Видите, я возвращаюсь к картине. Там, месье, три плюмажа. Три, стало быть, раза по три цвета. И одиннадцать воротников alla paolesca.

Перечисляем снова — итак, слева направо: Бийо, Карно, Приёр, Приёр, Кутон, Робеспьер, Колло, Барер, Ленде, Сен-Жюст, Сент-Андре. Комиссары. Бийо — фрак из тафты, сапоги; Карно — плащ, фрак из тафты, сапоги; Приёр из Кот-д’Ор — в шляпе с патриотическим плюмажем; Приёр из Марны — шляпа с патриотическим плюмажем на столе; Кутон в сернисто-желтом кресле — фрак из тафты и бесполезные туфли с пряжками на парализованных ногах; Робеспьер — фрак из тафты, туфли с пряжками; Колло — без шейного платка, плащ, фрак из тафты, сапоги; Барер — фрак из тафты, туфли с пряжками; Ленде — фрак из тафты, туфли с пряжками; Сен-Жюст — золотой фрак; Жанбон Сент-Андре — шляпа с патриотическим плюмажем в руке.

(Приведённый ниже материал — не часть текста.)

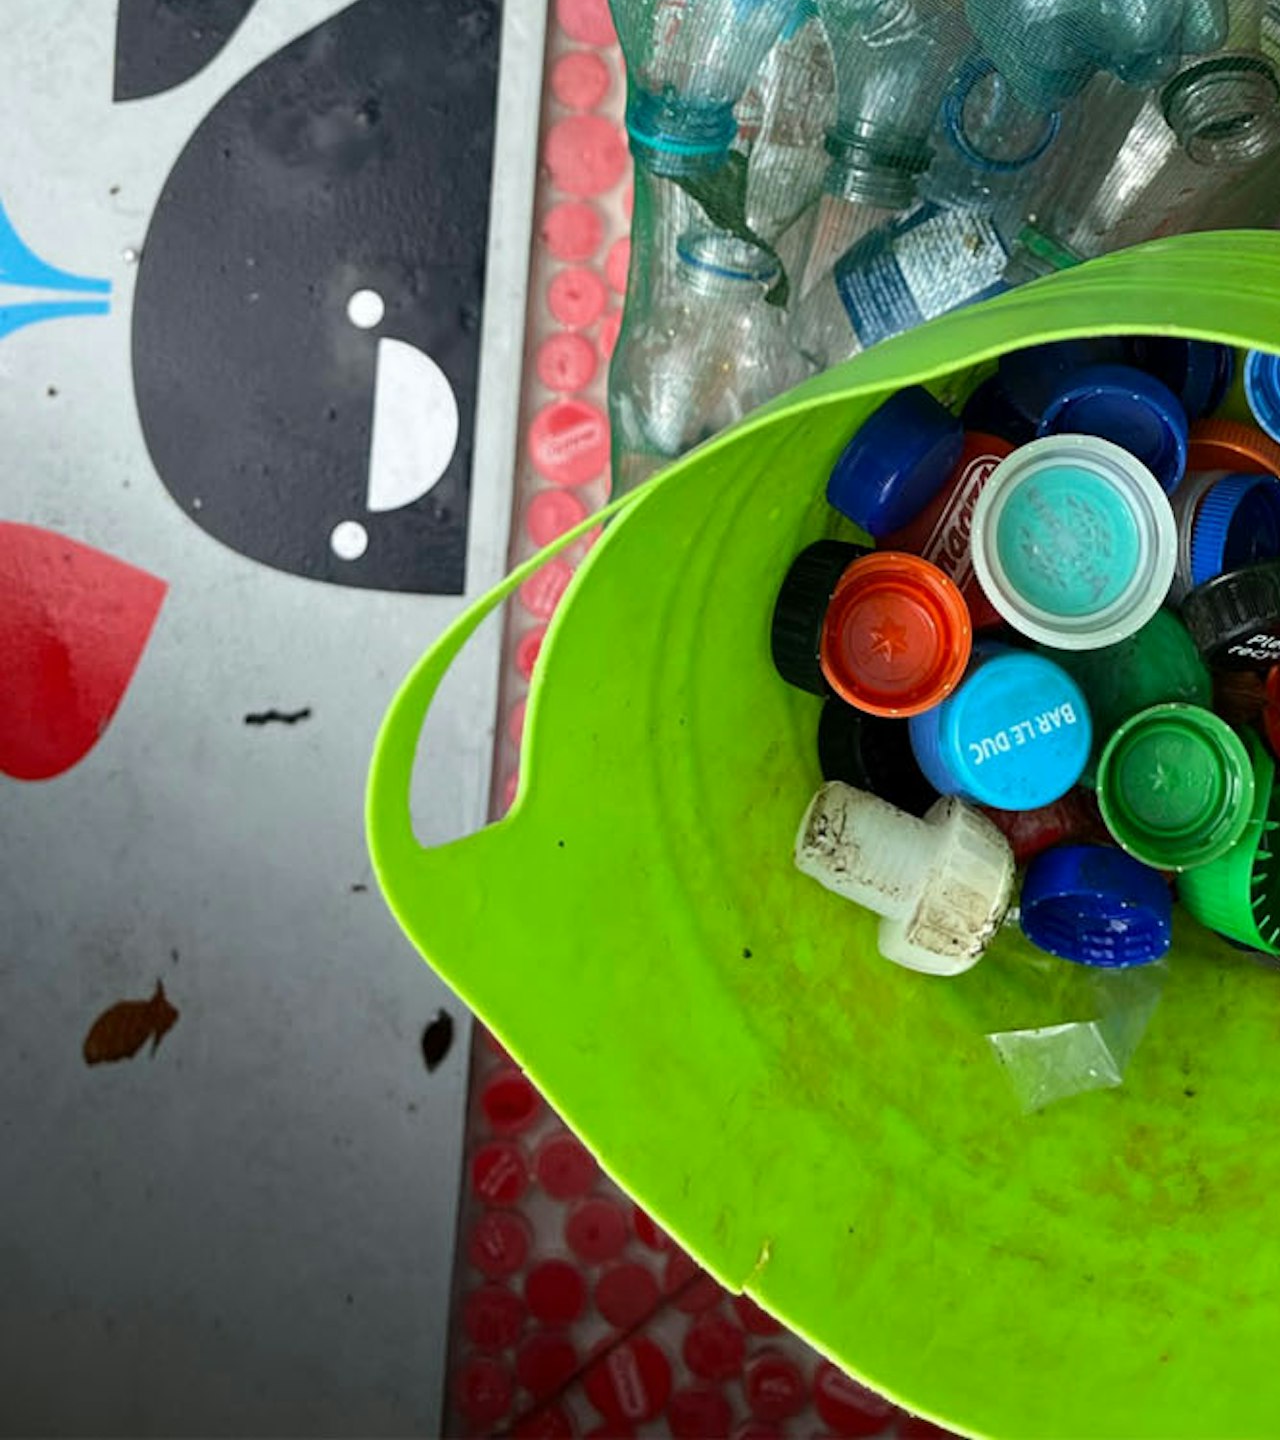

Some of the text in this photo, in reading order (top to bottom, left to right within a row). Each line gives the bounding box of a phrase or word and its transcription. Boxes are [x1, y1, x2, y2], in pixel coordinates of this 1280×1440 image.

[970, 703, 1077, 765] BAR LE DUC

И все воротники — alla paolesca. Картина-то, вы помните, венецианская.

III

А что там с нашей ночью, месье?

Ночь замерла. Нивоз, те же четверо в той же ризнице, освещенной одним фонарем, — ведь в очаге огонь потух. Огонь потух, они под тройным колпаком: ночи, нивоза, Террора. Больше не слышно лошадей. Все так же Корантен стоит возле стола, он завязал кошель и взвесил на ладони, к божественному полотну, к «Одиннадцати» он еще не приступал и, честно говоря, не думает о нем, а думает: «Увесисто, неплохо», — думает, что когда-то такие же мешочки получал из рук Мариньи, что красота матушки-шлюхи зачахла, не то что золото, чья прелесть долговечна; все это, думает он, фарс, изрядный, прибыльный фарс. И расплывается в крокодильей улыбке. О том же думает Проли, но с точки зрения того, кто платит, причем рискуя головой; он улыбается такой же крокодильей улыбкой, но тревожно и словно предвидя обман; в глазах его стеклянный блеск; он, в роскошном епископском кресле, сидит ближе всех к фонарю, и его лучше видно. Его и кресло под ним. Бурдона в темноте не разглядеть, он, верно, тоже улыбается, но злобно — не нравятся ему манеры этого аристократа Корантена, не нравится его видавший виды паричок, не нравится, что без парика Корантен смахивает лицом на него самого, он бы его охотно подравнял, как он, Бурдон, сказал о колокольнях: надобно снести их по всей Франции. Колло — вот он, не в Шекспире, а тут. Впрочем, отчасти, волей-неволей и в Шекспире — в этой ночной заговорщицкой сцене есть что-то шекспировское или караваджистское. В ухе Колло блестит серьга. И, как всегда в таких картинах, лица людей размыты, погружены во мрак, подвешены в темноте, резкий свет падает на символические предметы: престол, где заключался договор, где уже нет костей и золота, остатки хлеба и вина на престоле; возможно, еще карты, брошенные санкюлотами, добротными статистами, чья роль — оставить на виду что-нибудь очень символическое и уйти со сцены. Корантен уже шагнул прочь, уже готов накинуть плащ и в свою очередь уйти.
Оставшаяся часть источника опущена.